Após buscas da PF, Weverton diz não ter nada a esconder e afirma que valores foram declarados à Receita. Nova fase da Operação Sem Desconto apura ocultação de bens ligada a familiares e ao advogado Willer Tomaz.
O senador Weverton Rocha (PDT-MA) declarou nesta terça-feira (4) que não possui nada a esconder após a Polícia Federal investigar familiares do parlamentar e o advogado Willer Tomaz por suspeita de lavagem de dinheiro. Em sua manifestação, o senador afirmou que as movimentações financeiras identificadas na investigação foram “devidamente declaradas à Receita Federal”.
A Polícia Federal apura um suposto esquema de ocultação de recursos e imóveis relacionados ao senador e a Willer Tomaz. A nova ação, realizada na manhã de hoje, faz parte de uma nova fase da Operação Sem Desconto, que investiga descontos ilegais em benefícios do INSS.
“Não fiquei surpreso com essa nova operação da Polícia Federal. Eu só não esperava que eles fossem tão longe, ao envolver a minha família, e até apoiadores políticos. Apesar da minha indignação, recebi essa operação com a tranquilidade que me foi possível, pois nada tenho a esconder”, afirmou Weverton em nota.
O senador também ressaltou que a Procuradoria-Geral da República (PGR) se manifestou contra o cumprimento de mandados de buscas e apreensões que miravam seus familiares. Foram cumpridos 18 mandados autorizados pelo Supremo Tribunal Federal (STF) em endereços no Distrito Federal e no Maranhão.

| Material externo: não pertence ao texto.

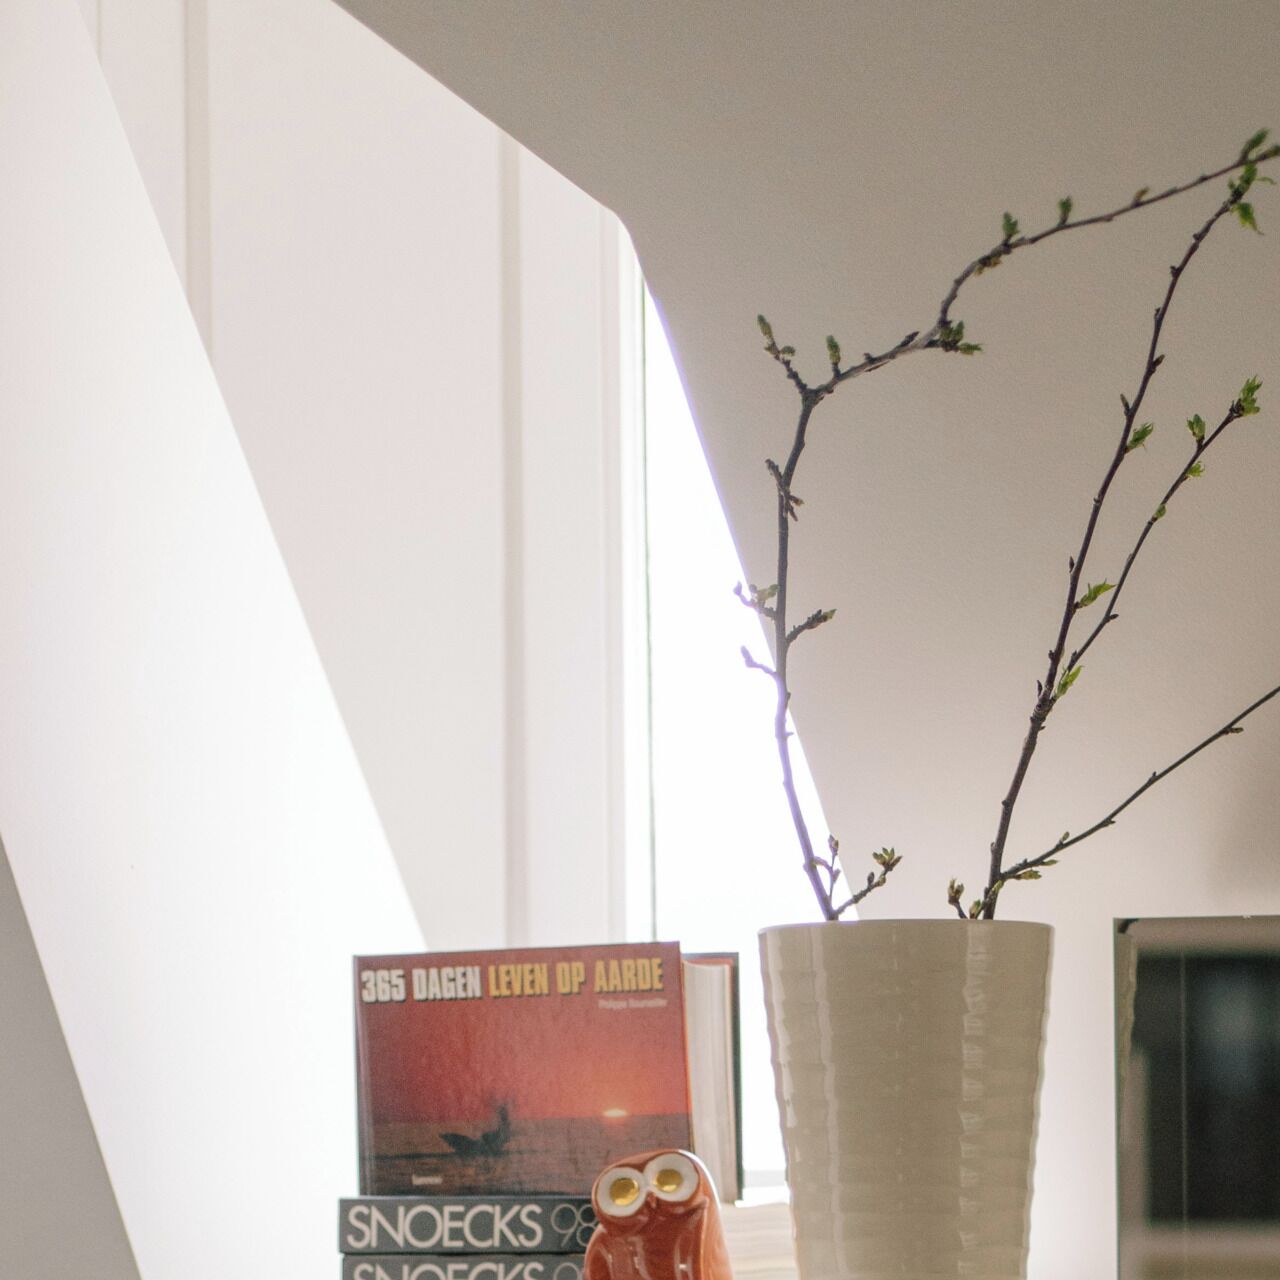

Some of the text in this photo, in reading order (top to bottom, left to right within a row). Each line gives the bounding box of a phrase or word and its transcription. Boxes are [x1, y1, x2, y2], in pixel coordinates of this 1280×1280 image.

[361, 958, 664, 1003] 365 DAGEN LEVEN OP AARDE
[347, 1203, 543, 1249] SNOECKS

“Todas as movimentações mencionadas são frutos de atividades profissionais e empresariais. E foram devidamente declaradas à Receita Federal. Quero ressaltar que o Ministério Público Federal foi novamente contra a busca e apreensão contra meus familiares e apoiadores”, destacou.
Weverton atribuiu a nova operação da PF a uma suposta pressão relacionada à sua candidatura nas eleições deste ano. O senador, que atualmente é vice-líder do governo no Senado, busca a reeleição.
“Apesar da dureza do jogo político, reafirmo que não me renderei”, declarou.
As investigações tiveram início após a PF identificar indícios de movimentações financeiras e patrimoniais que, em tese, teriam utilizado pessoas físicas e jurídicas, contas bancárias de terceiros, estruturas empresariais e operações com valores em espécie, com o objetivo de ocultar a origem e a destinação dos recursos. Em sua nota, o senador ainda comentou sobre a expectativa de sofrer ataques em decorrência de sua candidatura ao Senado e suas posições políticas.
“Apesar de não ter sido diretamente o alvo da operação de hoje, eu sabia que, com a minha candidatura ao Senado e as minhas posições políticas, sofreria ataques”, finalizou.